The broader Topix index was 0.22% firmer by the end of trading in Tokyo, settling at 1,951.41.

On the mainland, the Shanghai Composite managed gains of 0.31% to 3,236.93, and the technology-heavy Shenzhen Component was 0.27% higher at 12,302.15.

Fresh official data out of Beijing over the weekend showed dollar-denominated exports surging 18% year-on-year in July, beating Reuters-polled expectations for a 15% improvement.

Imports, meanwhile, were up 2.3% in dollar-denominated terms, which was less than the 3.7% pencilled in by analysts polled by Reuters.

“Year-over-year growth in July was driven by the EU, Japan, and ASEAN, with exports to the US slowing sharply, to 11% from 19.3% - a pattern matched by the month-on-month seasonally-adjusted data,” noted Craig Botham at Pantheon Macroeconomics.

“The product data suggests an outsized contribution from refined oil in July, without which the year-over-year growth rate would have fallen.

“It is notable too that both Europe and Japan are net energy importers, with China currently - allegedly - buying Russian oil at a discount.”

Botham said the scope for an “easy arbitrage trade” for Chinese refiners seemed obvious.

“Demand for mechanical and electrical products also rose, but slowed on a month-on-month seasonally-adjusted basis, again pointing to fading momentum.

“A slowdown in high tech products, and a range of intermediate goods, leaves the July growth performance looking quite narrow.

“The modest improvement in import growth seems to be driven by food and energy products, and by machine tools.”

Volumes data showed an acceleration in iron ore imports, Craig Botham pointed out, but a “sharp slowdown” in copper demand, and thus “not very supportive overall” for the construction and infrastructure spending outlook.
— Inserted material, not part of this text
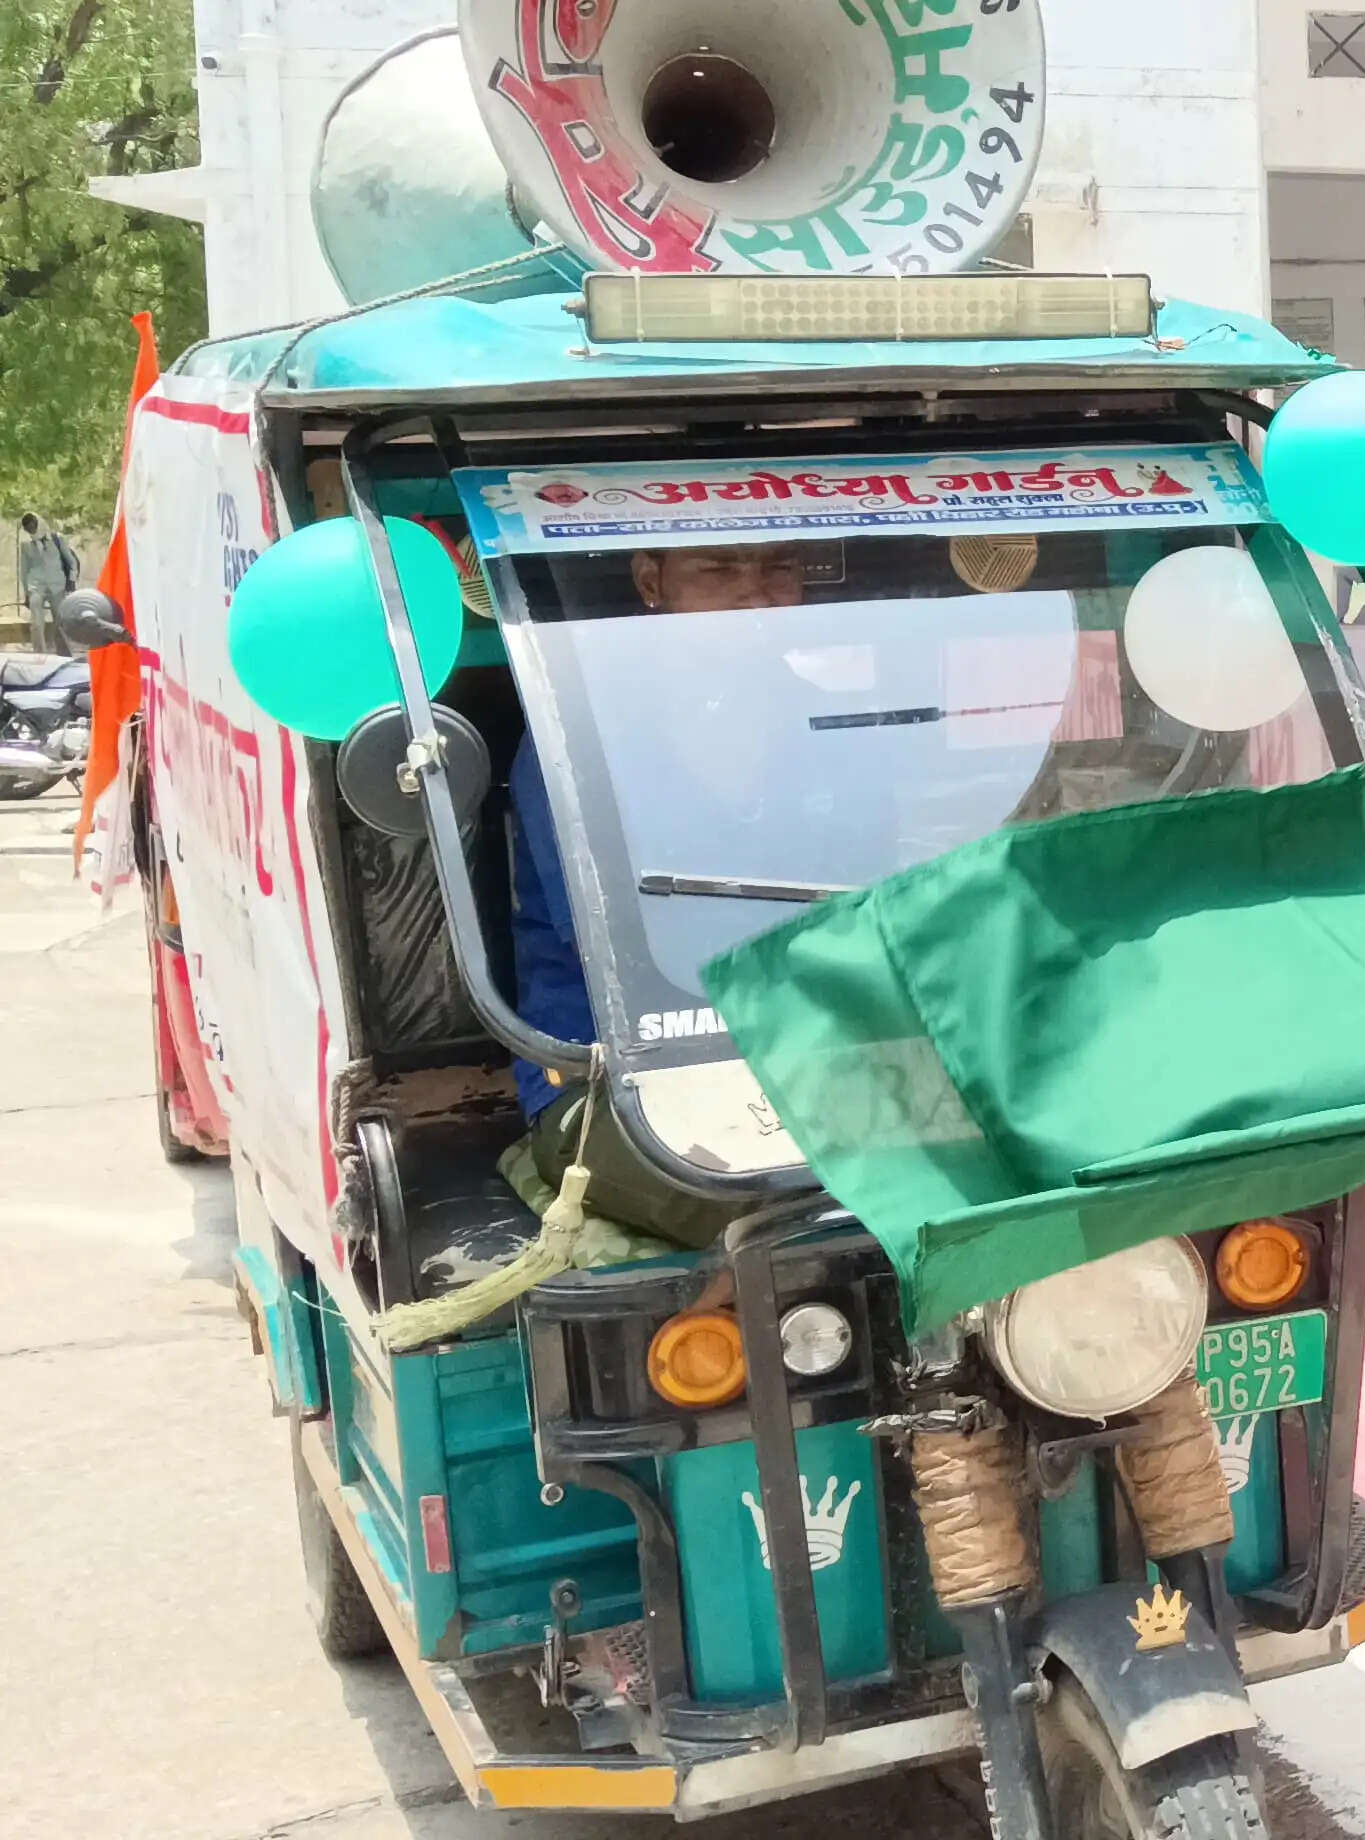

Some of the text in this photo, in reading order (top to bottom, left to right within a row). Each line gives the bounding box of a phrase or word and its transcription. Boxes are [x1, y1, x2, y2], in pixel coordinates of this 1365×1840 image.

[634, 471, 938, 505] अयोध्या
[1203, 1321, 1296, 1373] P95A
[1206, 1364, 1297, 1414] 0672
He said the main region to benefit from increased import demand were ASEAN nations, suggesting the improvement in July was more about intermediate goods demand than final demand, with domestic growth still struggling.
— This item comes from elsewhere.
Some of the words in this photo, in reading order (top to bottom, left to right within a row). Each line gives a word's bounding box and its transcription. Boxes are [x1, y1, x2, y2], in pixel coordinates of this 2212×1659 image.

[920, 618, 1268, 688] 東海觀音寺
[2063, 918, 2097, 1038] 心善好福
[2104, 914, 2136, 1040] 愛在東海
“Overall, we think the data suggest export growth should wane in the second half, with sources of demand fading, but policy efforts to shore up manufacturing have the effect of subsidising exports, so the process is taking longer than we initially expected.
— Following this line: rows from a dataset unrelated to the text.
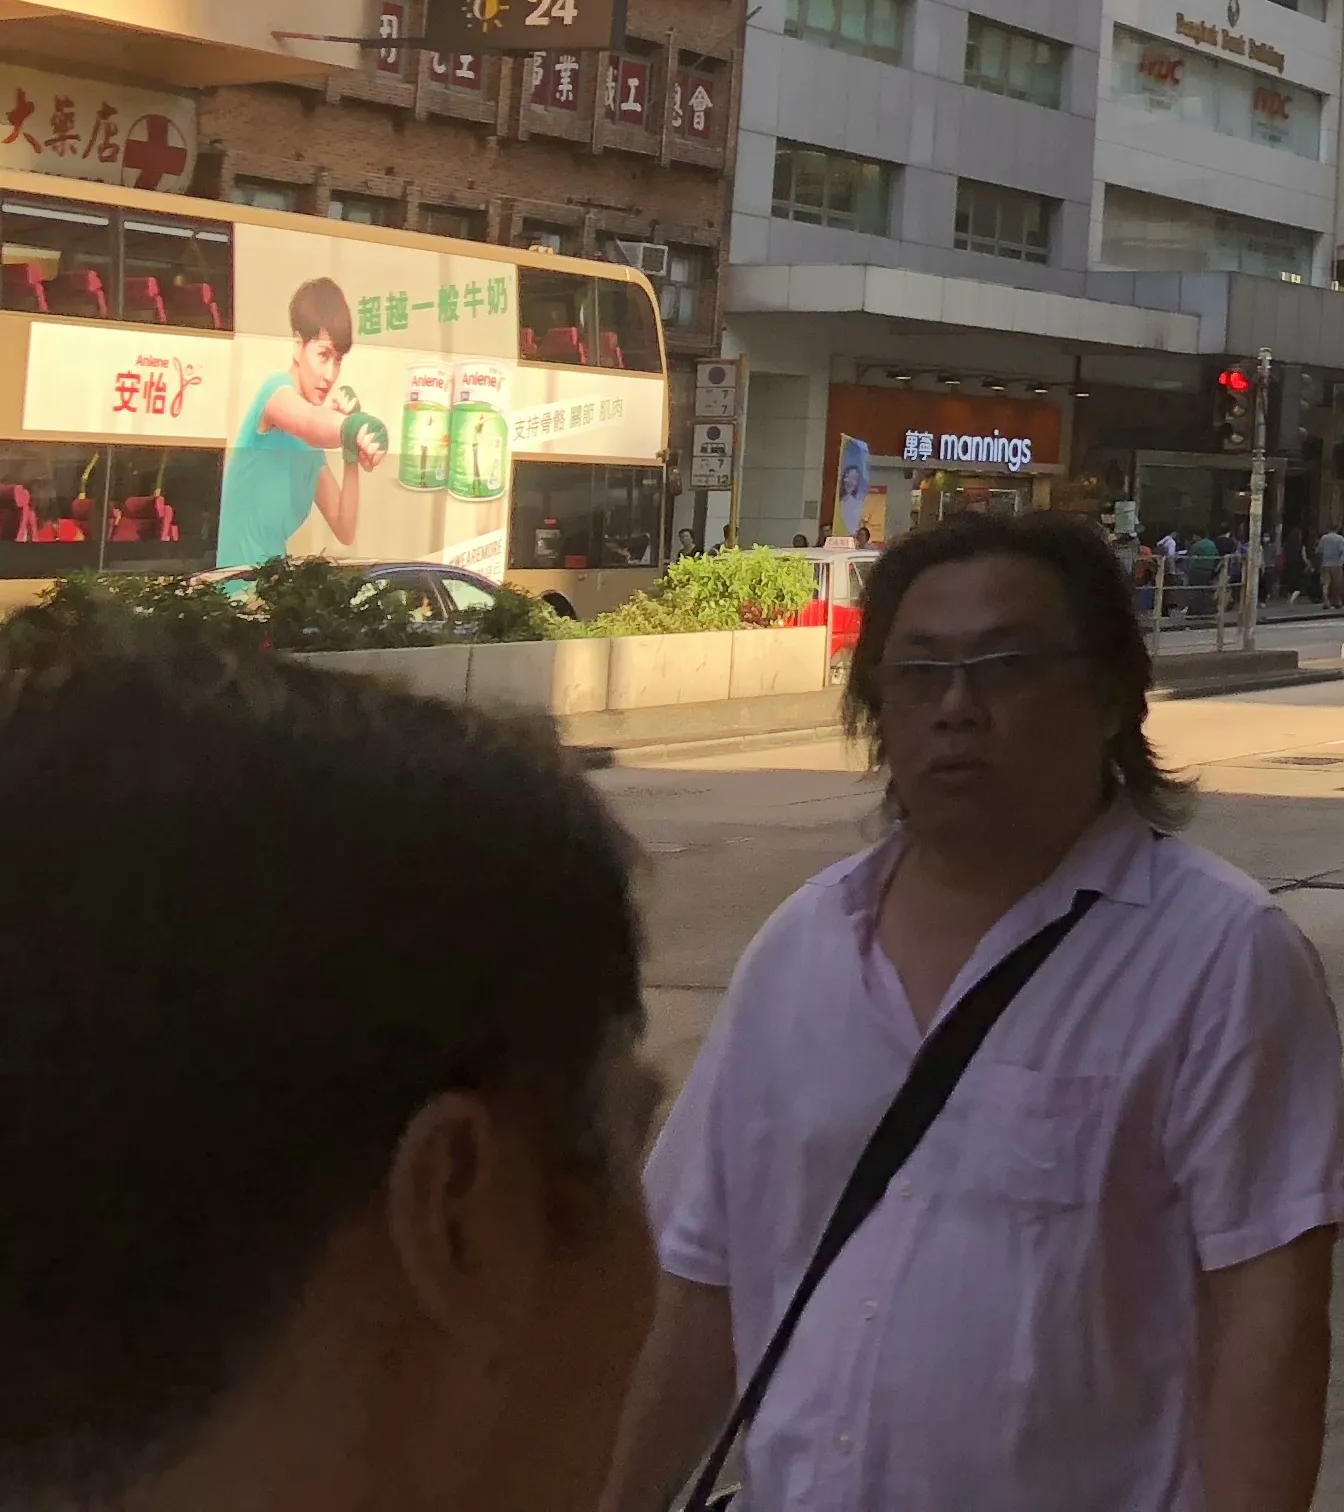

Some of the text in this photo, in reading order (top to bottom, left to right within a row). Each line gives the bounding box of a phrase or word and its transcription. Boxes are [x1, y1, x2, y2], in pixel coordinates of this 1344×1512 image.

[357, 276, 509, 336] 超越一般牛奶
[136, 355, 169, 368] Anlene
[112, 370, 168, 415] 安怡
[411, 374, 445, 389] Anlene
[462, 372, 497, 387] Anlene
[939, 428, 1032, 472] mannings
“Imports, meanwhile, are unlikely to impress, but should eke out continued single digit growth.

“The combination should exert gradual downward pressure on the trade balance in the second half.”

South Korea’s Kospi eked 0.09% higher to 2,493.10, while the Hang Seng Index in Hong Kong was down 0.77% at 20,045.77.

The special administrative region’s primary airline Cathay Pacific ascended 1.42% after the city’s authorities announced plans to reduce hotel quarantine for travellers to three days from a previous seven, with four days of “health surveillance” afterwards.

Seoul’s blue-chip technology stocks were on the back foot, with Samsung Electronics down 1.14% and SK Hynix losing 2.23%.

The losses for SK Hynix came on the back of local media reports that the city of Yeoju was demanding more compensation from the chipmaker for water infrastructure used to pipe massive quantities of water to a chip plant in another locale.

Sentiment was given an early boost in the region on Monday, after the key nonfarm payrolls reports in the US came in well above expectations after Asia went to bed on Friday, at 528,000.

Oil prices were lower at the end of the Asian day, with Brent crude futures last down 0.88% on ICE at $94.08 per barrel, and West Texas Intermediate off 0.94% on NYMEX at $88.17.

In Australia, the S&P/ASX 200 added 0.07% to 7,020.60, with OZ Minerals rocketing 35.25% after the company rejected an AUD 8.34bn takeover offer from Anglo-Australian mining giant BHP.

BHP itself advanced 0.8% by the end of the day in Sydney.

Across the Tasman Sea, New Zealand’s S&P/NZX 50 was off 0.22% to 11,702.81, as investors kept a firm hold on their pocketbooks ahead of earnings season in Wellington.

The down under dollars were both stronger on the greenback, with the Aussie last ahead 0.77% at AUD 1.4358, and the Kiwi advancing 0.64% to NZD 1.5947.